Rediseñamos la app para que las personas sean el centro, no la interfaz
Lucas Segurola
Co-Founder & CTO
Nos sentamos a mirar la versión anterior de Tegu con una pregunta incómoda: cuando abrís la app, ¿qué es lo primero que ves? La respuesta era gradientes, sombras, tarjetas decoradas. No la persona que iba a entrar a tu casa. Así que la reconstruimos desde esa única obsesión.
- 8
- colores en todo el UI kit
- 1
- único acento violeta
- 4px
- grilla de espaciado
- 44px
- área táctil mínima
Una sola pregunta mandó sobre cada pantalla: ¿esto ayuda a que confíes en la persona del otro lado, o solo decora? Lo que solo decoraba, se fue.
Menos interfaz, más personas
El principio fue uno solo y mandó sobre todo lo demás: lo importante son las personas, no la visual de la app. Cada decisión de diseño se midió contra eso. Si un degradado, una sombra o una animación competían por atención con el nombre de un profesional, su matrícula o su respuesta en el chat, el degradado perdía.

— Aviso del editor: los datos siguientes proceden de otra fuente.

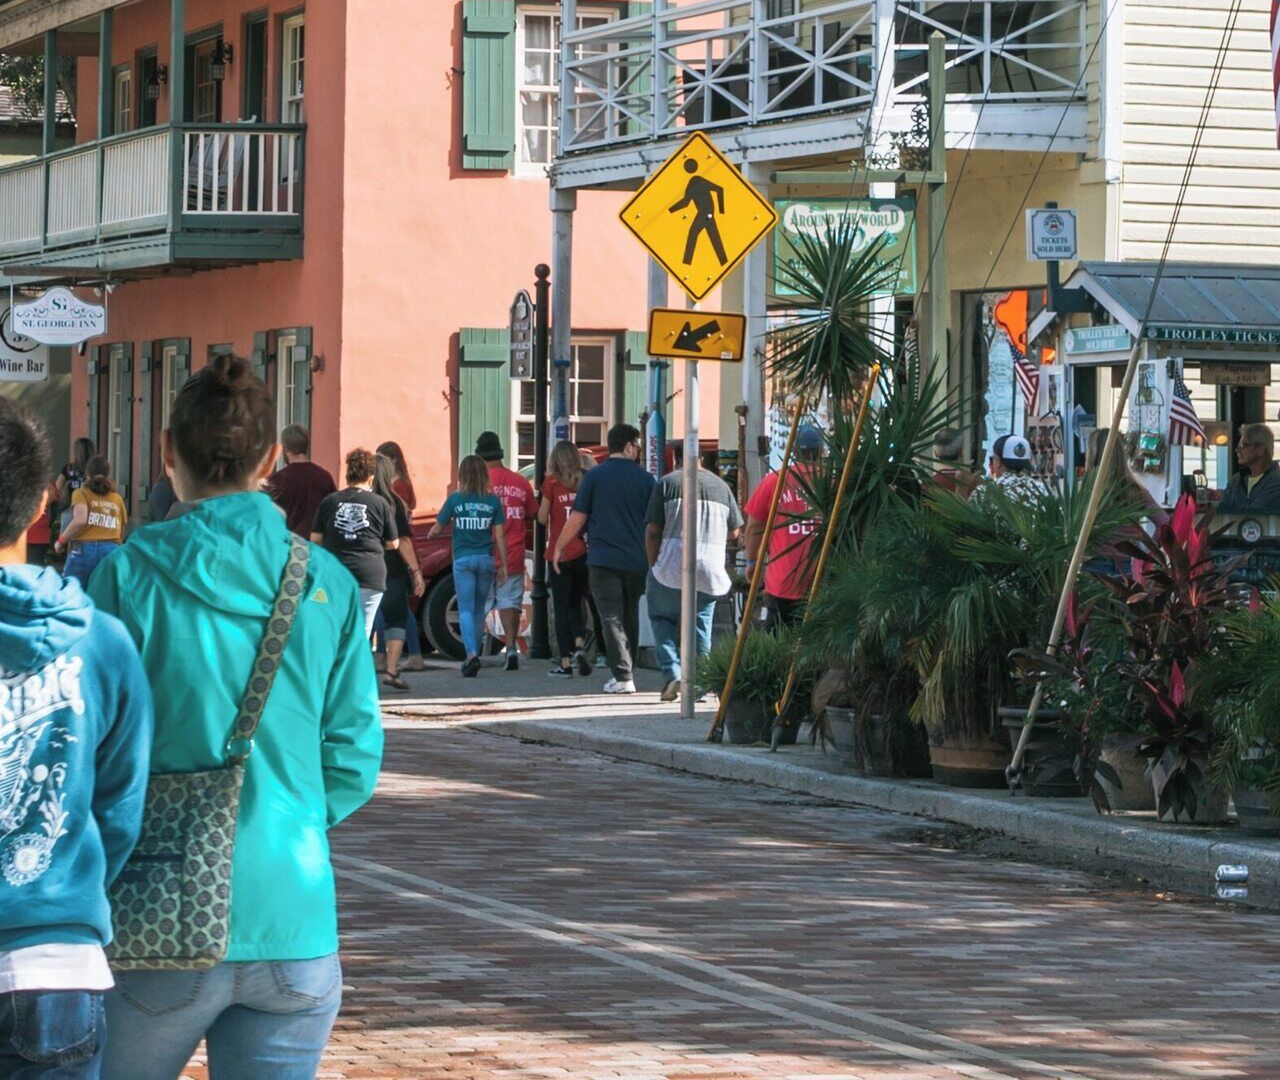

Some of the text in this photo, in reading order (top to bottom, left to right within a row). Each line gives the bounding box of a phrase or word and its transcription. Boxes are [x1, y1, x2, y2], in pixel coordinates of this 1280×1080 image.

[791, 207, 900, 227] AROUND THE WORLD
[37, 320, 76, 328] GEORGE
[79, 320, 97, 328] INN
[1164, 328, 1228, 340] TROLLEY
[26, 358, 45, 372] Bar
[456, 517, 493, 530] ATTITUDE

El resultado es minimalismo, pero no por estética: por usabilidad. Una base blanca, tipografía grande, y un único acento violeta que aparece solo cuando hay algo que realmente importa tocar.

La persona, destacada
Antes de dejar entrar a alguien a tu casa, la pregunta que importa es siempre la misma: ¿en quién confío? Así que en la pantalla de descubrir profesionales sacamos todo lo que no fuera la persona. Un avatar, el nombre, la calificación y los trabajos completados. La jerarquía tipográfica hace el trabajo que antes hacían las cajas de colores: tu ojo va directo a quién es y qué tan confiable es.

La respuesta humana
El momento más importante de Tegu es cuando alguien te responde. Y ese instante pedía más claridad: cuando una oferta llega, casi siempre quedan cosas por preguntar antes de decir que sí. Así que lo rediseñamos alrededor de eso.

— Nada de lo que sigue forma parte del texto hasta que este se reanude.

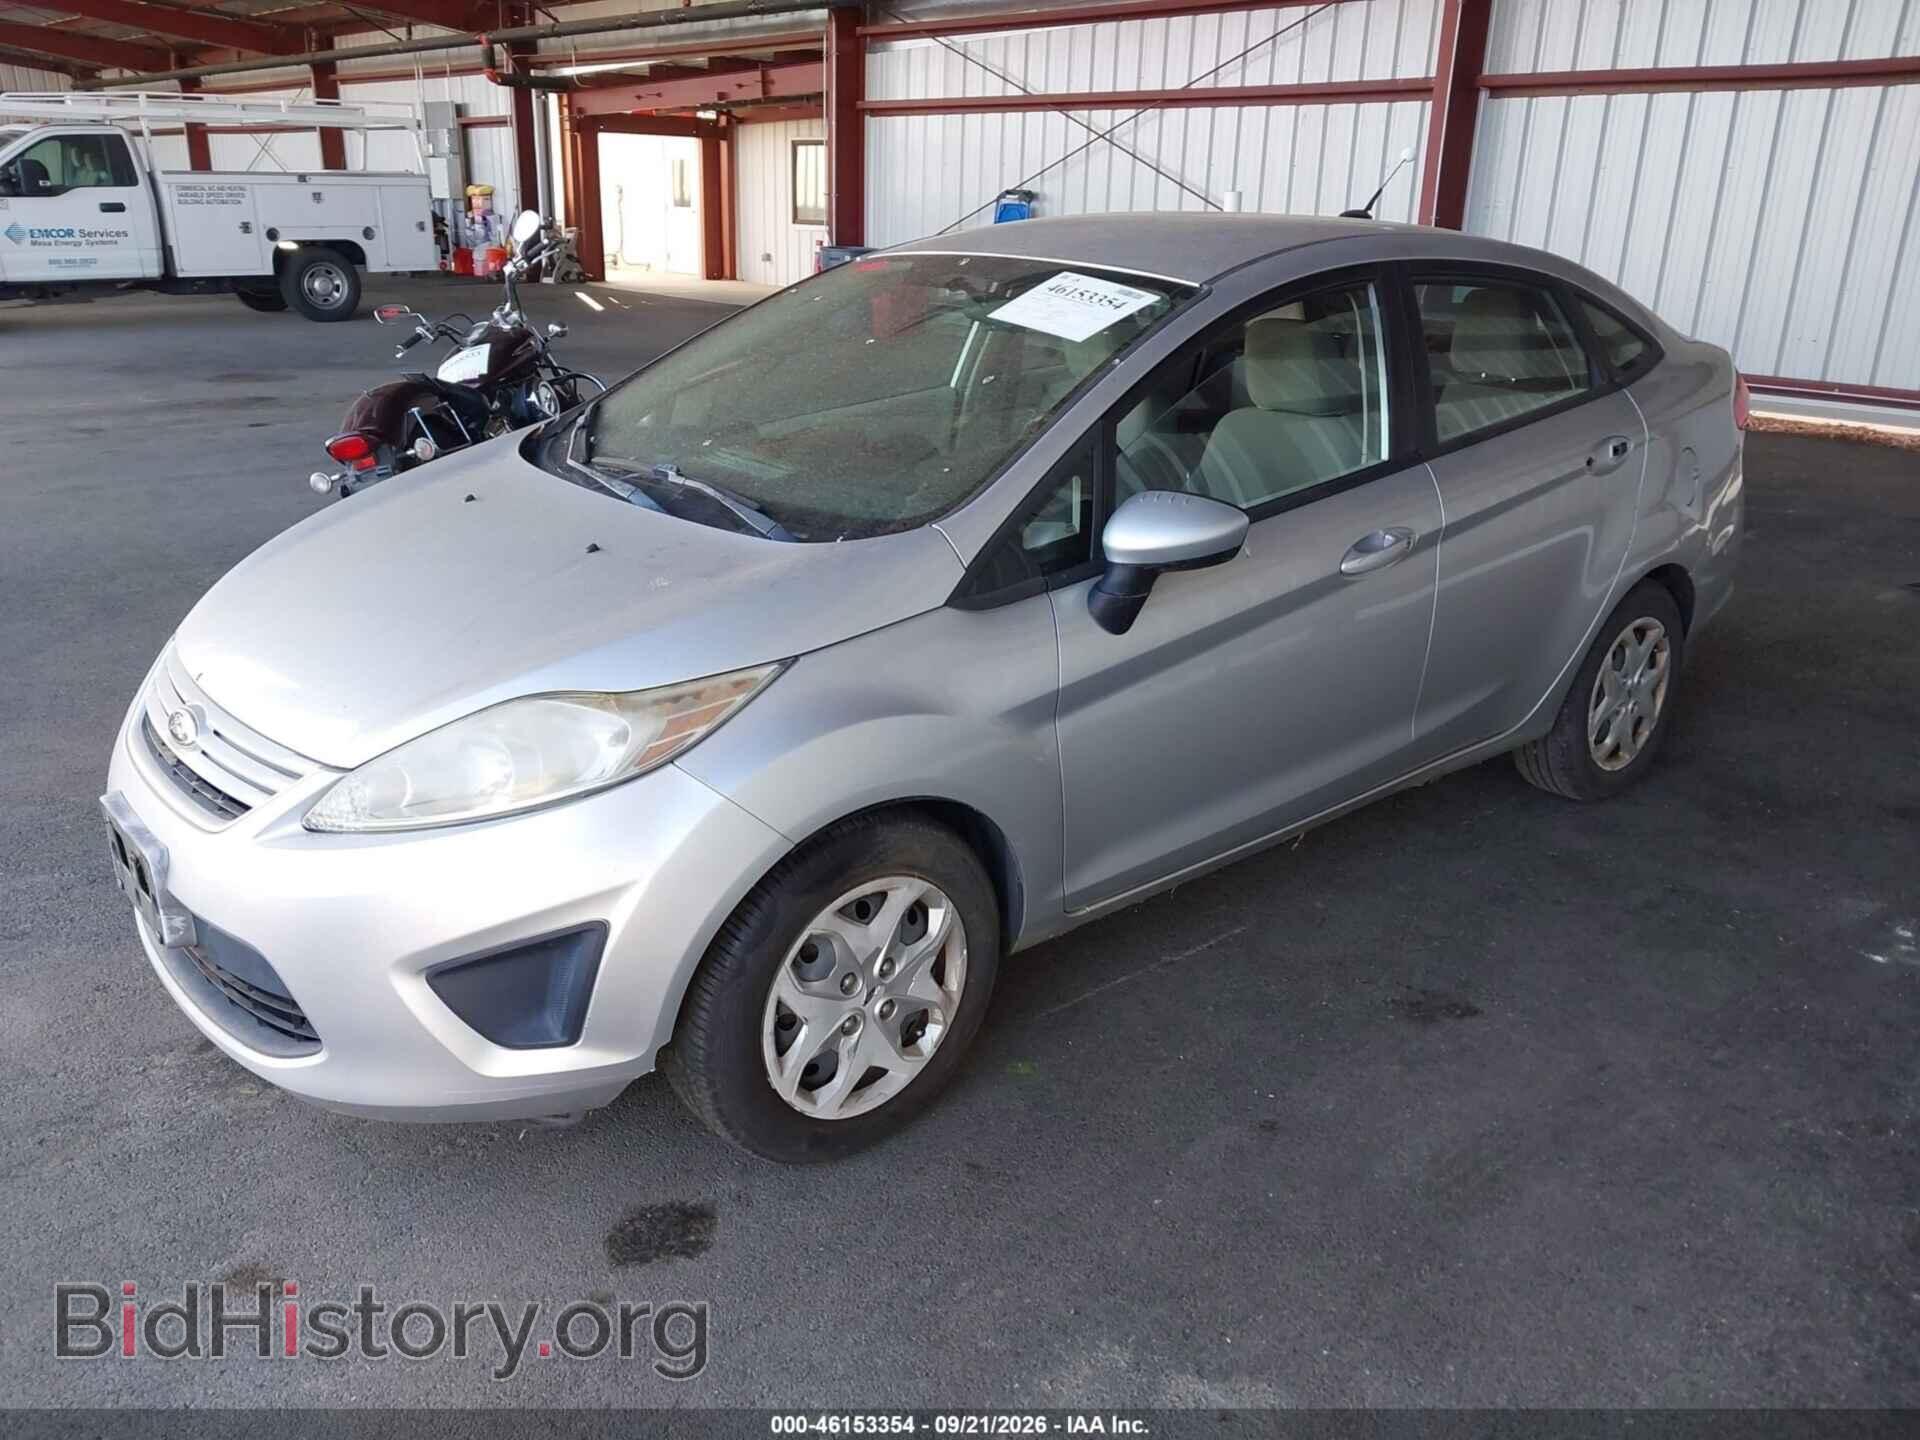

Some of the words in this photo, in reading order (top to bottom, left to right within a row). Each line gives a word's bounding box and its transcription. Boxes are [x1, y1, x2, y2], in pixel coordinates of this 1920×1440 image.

[29, 228, 75, 239] EMCOR
[78, 228, 129, 238] Services
[1047, 284, 1129, 309] 46153354

Le dimos a ese momento todo el protagonismo: la oferta llega clara, con monto y propuesta, y un espacio para resolver dudas antes de avanzar. El chat también protege a las dos partes —no compartís tu teléfono ni tu dirección hasta que asignás la tarea, y se lo decimos sin letra chica.


Publicar sin fricción
El resumen previo a publicar es el momento de mayor compromiso, así que lo rehicimos para que veas todo de un vistazo: fotos, descripción, ubicación y detalles, cada bloque editable en su lugar. Una sola acción negra, ancha, imposible de no encontrar: publicar. Claridad total justo cuando más importa.

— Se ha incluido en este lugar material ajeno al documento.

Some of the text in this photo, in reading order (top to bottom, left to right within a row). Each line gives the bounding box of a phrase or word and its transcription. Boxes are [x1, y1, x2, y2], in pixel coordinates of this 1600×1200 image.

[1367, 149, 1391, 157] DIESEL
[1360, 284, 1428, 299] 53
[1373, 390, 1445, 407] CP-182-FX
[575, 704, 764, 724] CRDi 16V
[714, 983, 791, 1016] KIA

El sistema de diseño detrás
Para que el minimalismo no fuera improvisado, definimos un UI kit con reglas duras. La paleta entera cabe en ocho colores: tres tonos de tinta para texto, un único acento, y neutros para fondos y bordes de un píxel.
| Color | Hex | Uso |
|---|---|---|
| Ink | #15121F |
Texto y acciones principales |
| Ink 2 | #5A5468 |
Texto secundario |
| Ink 3 | #9A93A8 |
Texto silenciado, labels |
| Purple | #7C3AED |
El único acento |
| Purple soft | #F4F0FF |
Fondos de acento |
| Surface | #F3F3F5 |
Fills y tiles |
| Hairline | #ECECEF |
Bordes de 1px |
| Green | #16A34A |
Confirmaciones |
Sumamos una escala tipográfica con tracking negativo en los títulos (de -0.7px a -2.4px según el tamaño), bordes hairline de un solo píxel en lugar de sombras pesadas, una grilla de espaciado en múltiplos de 4px y áreas táctiles de 44px mínimo. Nada nuevo bajo el sol —son los fundamentos— pero aplicados sin excepciones.
Lo que aprendimos
Quitar es más difícil que agregar. Cada pantalla pasó por la misma pregunta —¿esto ayuda a que confíes en la persona del otro lado, o solo decora?— y lo que no ayudaba, se fue. Quedó una app más callada para que se note lo único que importa: que del otro lado hay alguien real, verificado, listo para ayudarte.
Esto es apenas la v2.0. Ahora viene la parte que no se diseña en una pantalla: ver cómo se usa de verdad. Vamos a seguir contando cada decisión por acá, en público —y cuando tengamos los números para respaldarla, también.